Aim of the exercise:
The reply should hold every line of the listing exactly, and none of its images.

::::::::

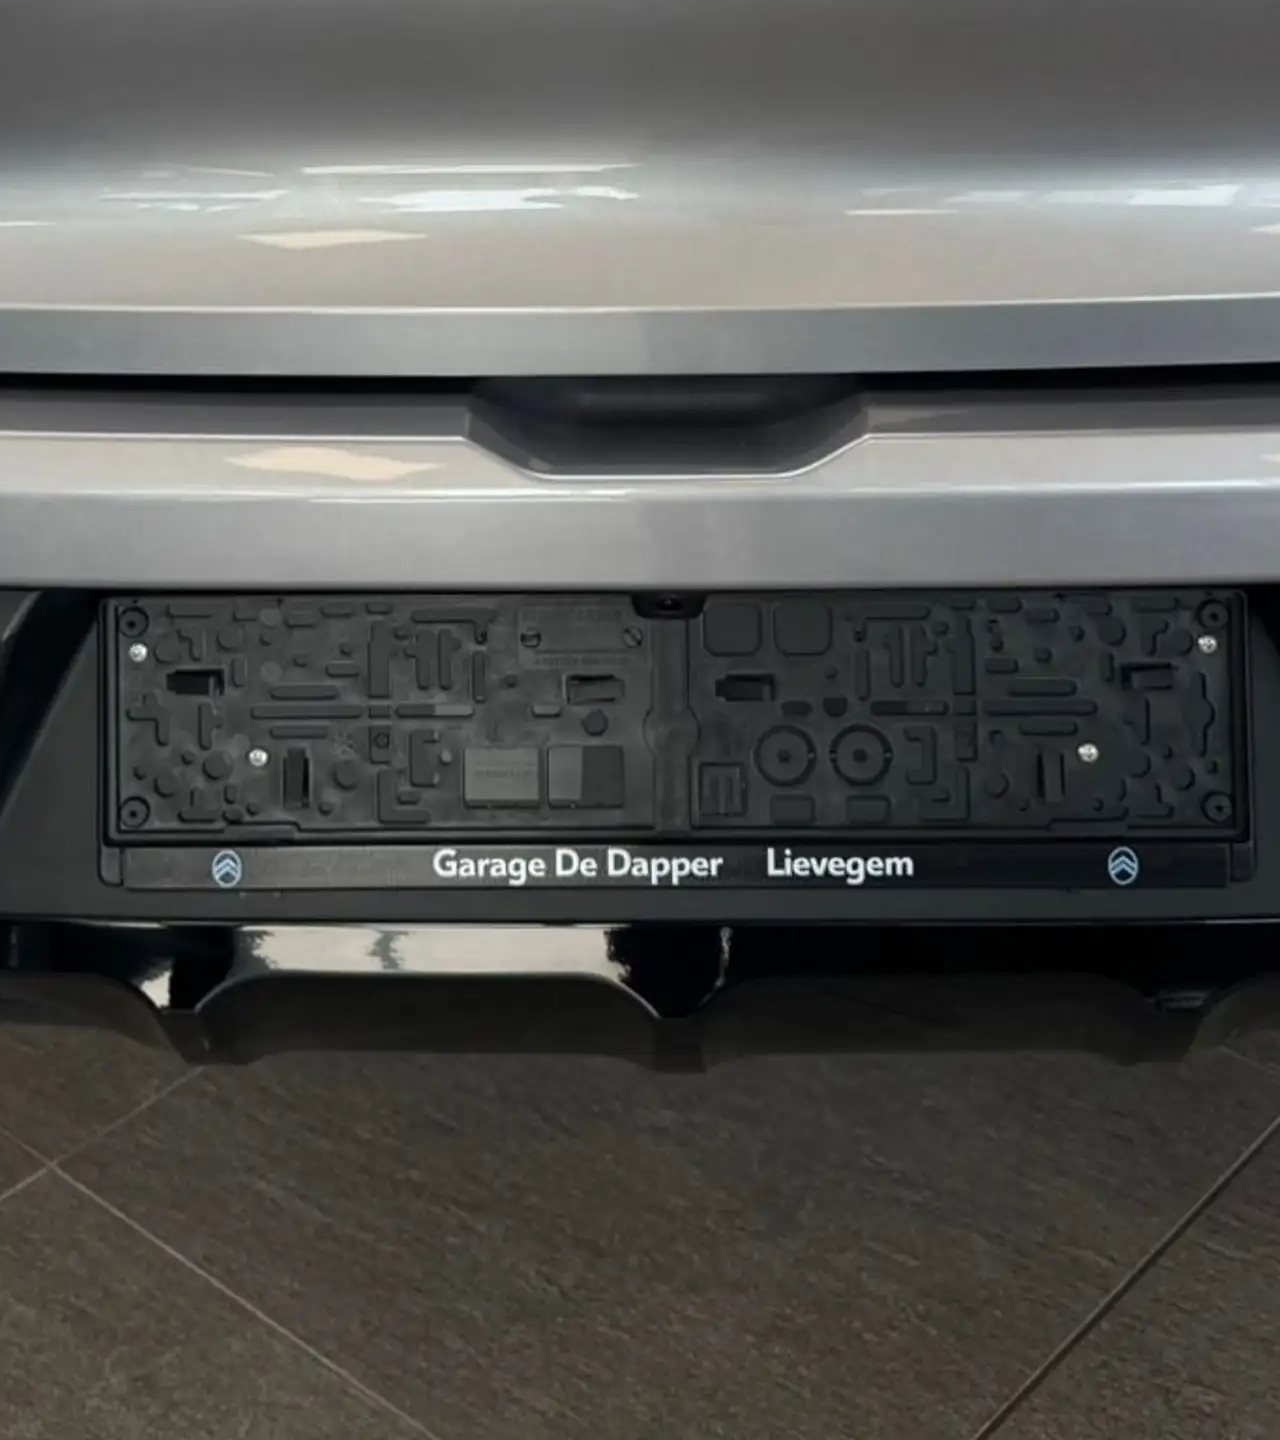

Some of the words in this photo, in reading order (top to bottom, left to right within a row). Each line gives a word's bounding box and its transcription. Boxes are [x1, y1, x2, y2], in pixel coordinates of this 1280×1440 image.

[432, 848, 546, 885] Garage
[554, 849, 598, 877] De
[606, 849, 724, 885] Dapper
[766, 847, 915, 884] Lievegem

::::::::

Solution to the exercise:
Some of the words in this photo, in reading order (top to bottom, left to right within a row). Each line gives a word's bounding box and its transcription. Boxes are [x1, y1, x2, y2], in pixel coordinates of this 1280×1440 image.

[432, 848, 546, 885] Garage
[554, 849, 598, 877] De
[606, 849, 724, 885] Dapper
[766, 847, 915, 884] Lievegem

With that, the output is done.